Download or read book Magda Goebbels written by Anja Klabunde and published by Little Brown GBR. This book was released on 2002 with total page 367 pages. Available in PDF, EPUB and Kindle. Book excerpt: First published in Munich in 1999 by C. Bertelsmann Verlag.
Download or read book Dr Goebbels His Life and Death written by Roger Manvell and published by . This book was released on 1960 with total page 336 pages. Available in PDF, EPUB and Kindle. Book excerpt: "A biography of the most terrifying figure in the hierarchy of Nazi Germany. Joseph Goebbels was Hitler's closest friend, the creator of modern propaganda and the intellectual of the Nazi party. This is the story of the man and the politician." Huntting.

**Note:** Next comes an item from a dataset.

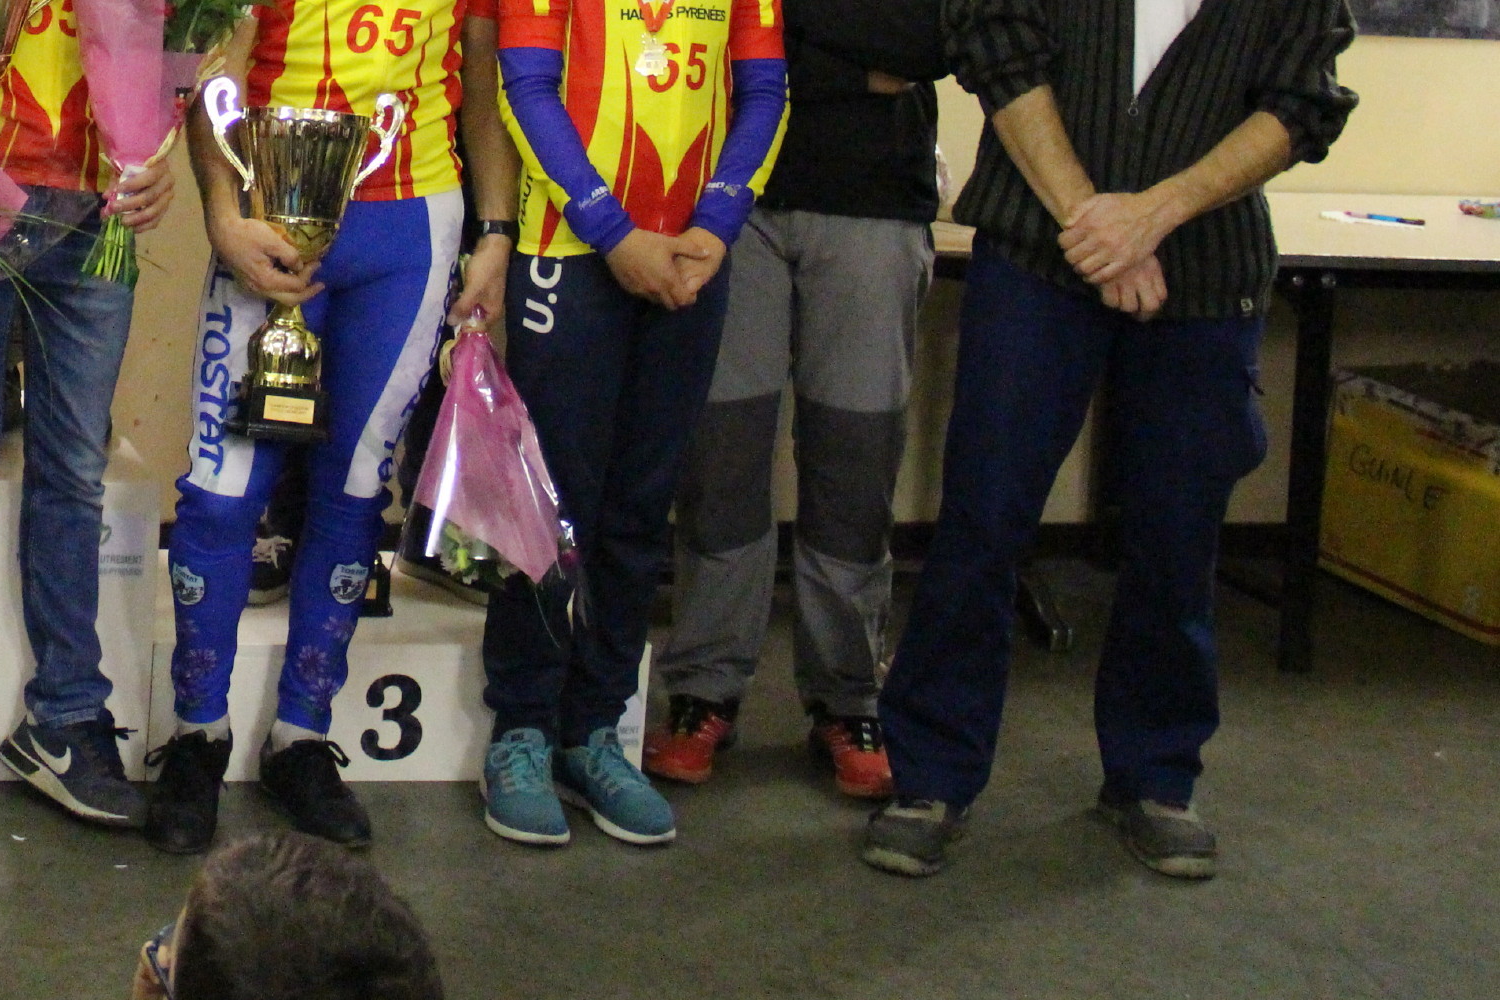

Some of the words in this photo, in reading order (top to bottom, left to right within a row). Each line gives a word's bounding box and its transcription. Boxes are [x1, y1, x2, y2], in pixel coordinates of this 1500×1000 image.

Download or read book Dead Funny written by Rudolph Herzog and published by Melville House. This book was released on 2011-04-26 with total page 213 pages. Available in PDF, EPUB and Kindle. Book excerpt: In Nazi Germany, telling jokes about Hitler could get you killed Hitler and Göring are standing on top of the Berlin radio tower. Hitler says he wants to do something to put a smile on the Berliners’ faces. Göring says, “Why don’t you jump?” When a woman told this joke in Germany in 1943, she was arrested by the Nazis and sentenced to death by guillotine—it didn’t matter that her husband was a good German soldier who died in battle. In this groundbreaking work of history, Rudolph Herzog takes up such stories to show how widespread humor was during the Third Reich. It’s a fascinating and frightening history: from the suppression of the anti-Nazi cabaret scene of the 1930s, to jokes made at the expense of the Nazis during WWII, to the collections of “whispered jokes” that were published in the immediate aftermath of the war. Herzog argues that jokes provide a hitherto missing chapter of WWII history. The jokes show that not all Germans were hypnotized by Nazi propaganda, and, in taking on subjects like Nazi concentration camps, they record a public acutely aware of the horrors of the regime. Thus Dead Funny is a tale of terrible silence and cowardice, but also of occasional and inspiring bravery.